Let's first break up the problem into smaller concepts. Suppose we reduce the problem to this: find the time needed for the tree to be completely burnt, given the set \(L\), which contains the leaves that we initially ignite. Now I'm telling you that we can model the path of the flames using Dijkstra (surprise surprise). Let d[i] be the array of distances of vertices, initialized to \(\infty\), and for each j such that \(j \in L\), initialize d[j] = 0. This indicates that vertex j is "passed" by a flame at time 0. Then we run a multiple source Dijkstra algorithm to find the minimum distance of each vertex i to any of the vertices that has already been passed by a flame. In the end of the algorithm, you will have d[i] be the time in which vertex i is passed by a flame. From here, we can determine what was the time taken for all candles to be completely burn:
1. Initialize time_taken to 0.
2. Iterate through all edges u-v:
2.1 We know d[u] and d[v]. Hence we check:
2.1.1 If |d[u] - d[v]| \(\geq\) length(u,v), then the time_taken is at least max{d[u], d[v]}.
2.1.2 Otherwise, WLOG, assume that d[u] < d[v]. This means that the flame will start burning from u, then after d[v]-d[u] time, another flame will arrive at v. Calculate the time needed for that edge to be completely burnt, and update time_taken accordingly using this information.

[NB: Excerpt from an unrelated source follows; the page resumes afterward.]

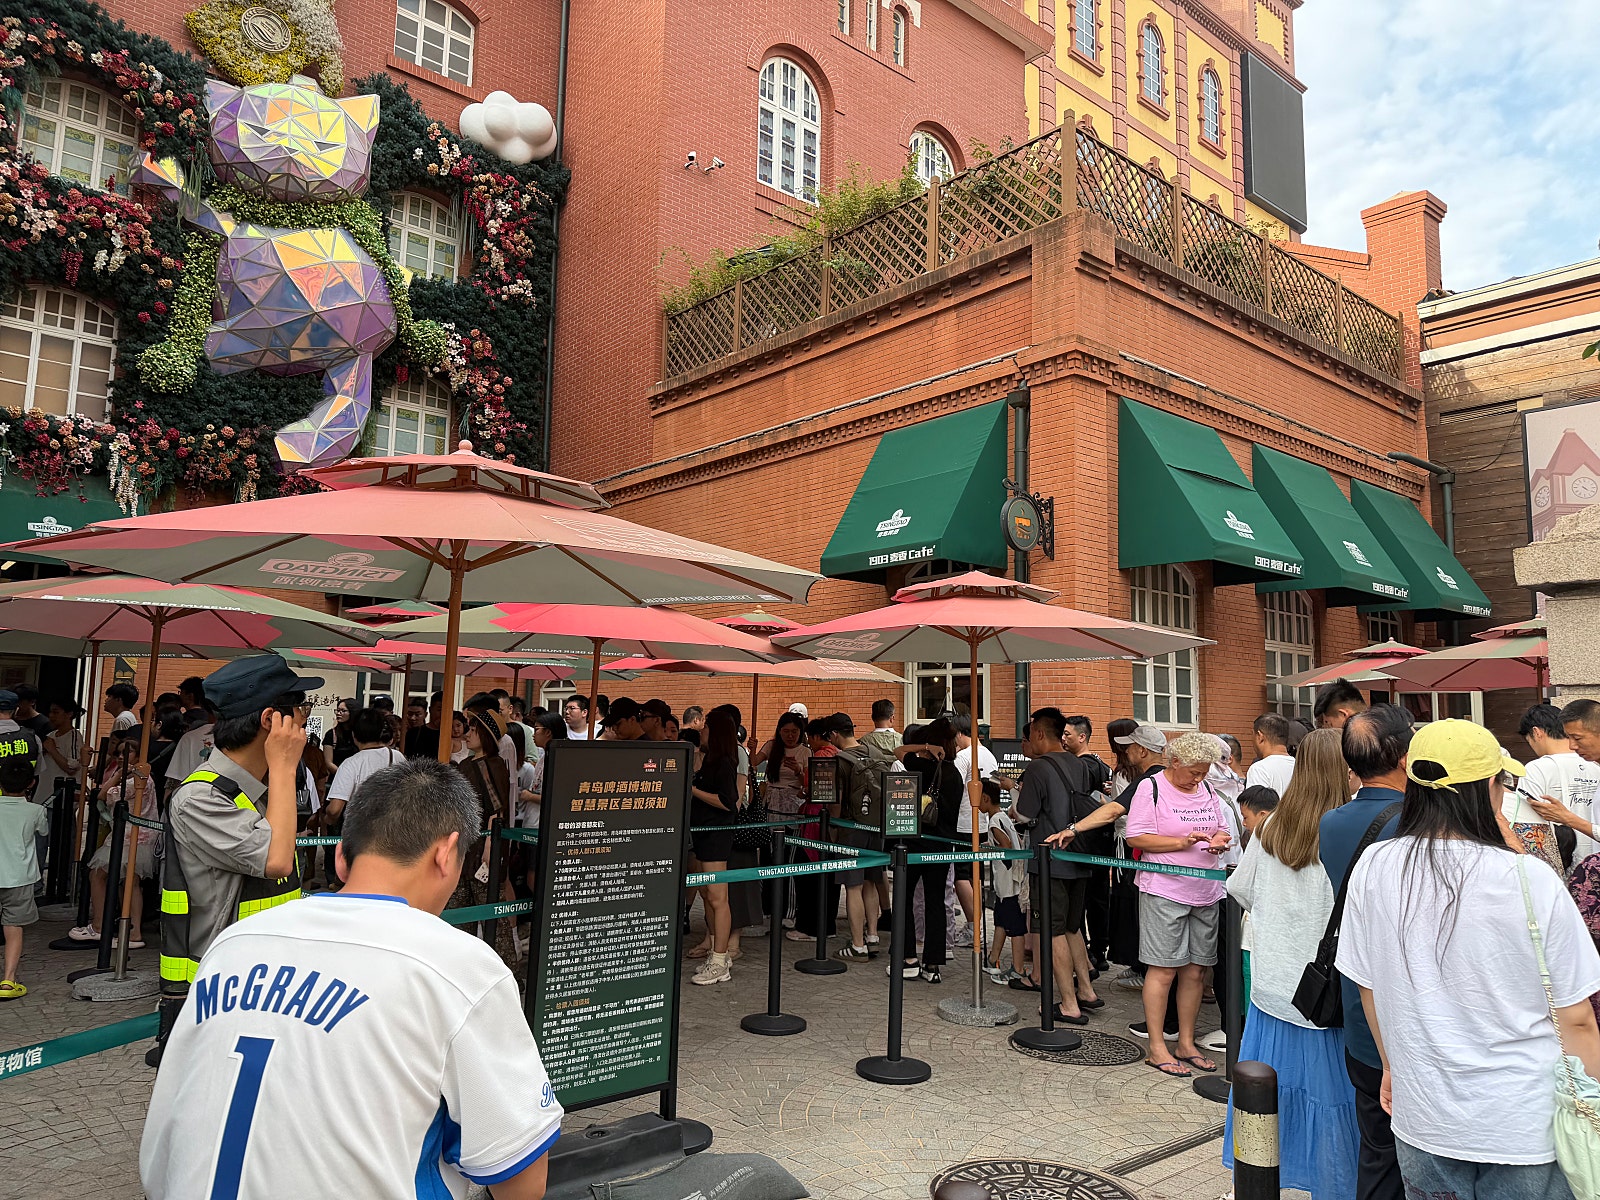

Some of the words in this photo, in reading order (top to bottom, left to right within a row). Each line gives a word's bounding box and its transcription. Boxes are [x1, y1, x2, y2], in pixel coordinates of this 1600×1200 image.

Now, to solve the problem, we use the following observation:
Let i, j be leaves of the tree. Let dist(i,j) be the distance between leaf i and leaf j. Then we have 2 possibility:
1. We want to check whether the tree can be totally burnt in dist(i,j) time. This means we burn only one of the leaf. Suppose we burn i. Then after dist(i,j) time, the flame will reach j. This means that dist(i,j) will be the time taken, if all other parts of the tree is burnt in this time frame. We employ a greedy approach here: We check for all other leaf k, if dist(k,j) is bigger than dist(i,j), then we can burn leaf k too. Otherwise, we should not burn leaf k, as the flame from k will reach j faster than that of i, interfering the main burning process. Each burning of leaf is represented as d[i] = 0. Afterwards, we run the above Dijkstra and obtain the time taken to burn the whole tree and check whether it is indeed equal to dist(i,j).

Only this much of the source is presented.